The pain management centre is run by Curly, Larry and Moe. First there is a 10-page questionnaire. Rate from 1 to 10 your pain (I modestly assert an 8; my social conscience, atavistic as it is, tells me that there are others in more pain). Rate from 1 to 10: is your mother dead; how many people in your family have died of cancer; how is your sex life; how many times a week do you have sex?

They want me to undress so they can examine me. This is absurd. I refuse. There is a table they want me to lie on that they claim lessens pain. The bottom line is that New York State regulates narcotics to such an extent that regular doctors are reluctant to write prescriptions for painkillers; and so Curly, Larry and Moe at pain management put you through whatever rigmarole and then write prescriptions, none of which, according to state law, can be refilled. One is in a cycle of coming back for new prescriptions and new indignities every 30 days.

Curly eventually puts me on Percocet, fentanyl patches and methadone. I am on these drugs for nearly two years. I become slightly indifferent to the awful pain. My speech slurs and my memory is impaired. It is during this time that I write my memoir Heartbreak. I want to remember some good things in my life. I work for one hour a day. The narcotics do not make me Coleridge; but I hold my own.

One day I wake up and the pain is gone from my right knee – as if God had intervened. The pain in the left one is the same. I begin to go outside on my crutches. I can walk half a block to my local Starbucks. One day I sit there, still on my meds, and I see the ballet going on outside. The sidewalk is heavy with pedestrian traffic. They are so unselfconscious, these normal walkers. They have different gaits; they move effortlessly; each dances without knowing it. I used to be one of them. I want to be again.

The anti-drama of small gesticulations continues, this time in physical therapy several blocks from where I live. My left knee is still rotten. After another year of physical therapy they give me a cane. I put away all the crutches and other signs of what I call “disability chic.” I can sort of walk. The cane means victory. The pain in my left knee keeps me on my meds. Over the course of another year, that pain lessens. It’s a whisper, a shadow – it goes. I give up the pills, though I go through a nasty withdrawal from methadone.

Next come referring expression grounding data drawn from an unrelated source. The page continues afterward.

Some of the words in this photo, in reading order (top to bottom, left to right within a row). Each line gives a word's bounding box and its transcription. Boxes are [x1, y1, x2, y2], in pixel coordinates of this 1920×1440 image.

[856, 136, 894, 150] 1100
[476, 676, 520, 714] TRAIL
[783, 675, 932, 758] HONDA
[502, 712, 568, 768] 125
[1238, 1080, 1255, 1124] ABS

Alas, there is no happy ending. John and I move to Washington so that he can take a job as managing editor of a large-circulation magazine. We live in an apartment without steps. I am on the cane. I go into physical therapy because, unable to stand up straight, I hunch over the cane. A few days later I am at the kitchen table reading a magazine. I stand up to get something and my right knee cannot bear any weight, none. I can’t use it because I can’t step on it. I have no pain; I have had no warning. I get to my crutches, which are in a closet. I need both of them in order to move. My right knee remains useless.

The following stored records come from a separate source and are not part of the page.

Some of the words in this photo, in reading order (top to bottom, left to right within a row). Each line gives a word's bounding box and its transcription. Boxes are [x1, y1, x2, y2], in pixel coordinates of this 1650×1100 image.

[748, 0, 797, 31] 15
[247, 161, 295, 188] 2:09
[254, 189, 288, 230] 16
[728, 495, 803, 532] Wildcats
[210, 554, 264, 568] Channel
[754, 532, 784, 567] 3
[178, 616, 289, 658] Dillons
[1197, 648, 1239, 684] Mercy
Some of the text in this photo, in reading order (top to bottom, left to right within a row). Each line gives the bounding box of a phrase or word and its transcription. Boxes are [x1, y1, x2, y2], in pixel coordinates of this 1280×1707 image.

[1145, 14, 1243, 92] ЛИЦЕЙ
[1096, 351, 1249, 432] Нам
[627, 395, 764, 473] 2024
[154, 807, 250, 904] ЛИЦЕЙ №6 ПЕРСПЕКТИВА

The physical therapist determines that the quadriceps above the knee has stopped working, because imperceptible pain occasions the quad muscle to give out. Then my knee buckles and I fall. It is dangerous to fall. I see the physical therapist twice a week. The orthopedic surgeon (“a genius with knees,” says my internist) puts me in a restrictive brace that allows my knee to bend only so far. That way, if my knee fails, I am unlikely to fall. After nearly a year of physical therapy my quad muscle is not much stronger and my knee still buckles. The surgeon sends me to a rehabilitation hospital where they make me a new brace, specifically fitted to my leg.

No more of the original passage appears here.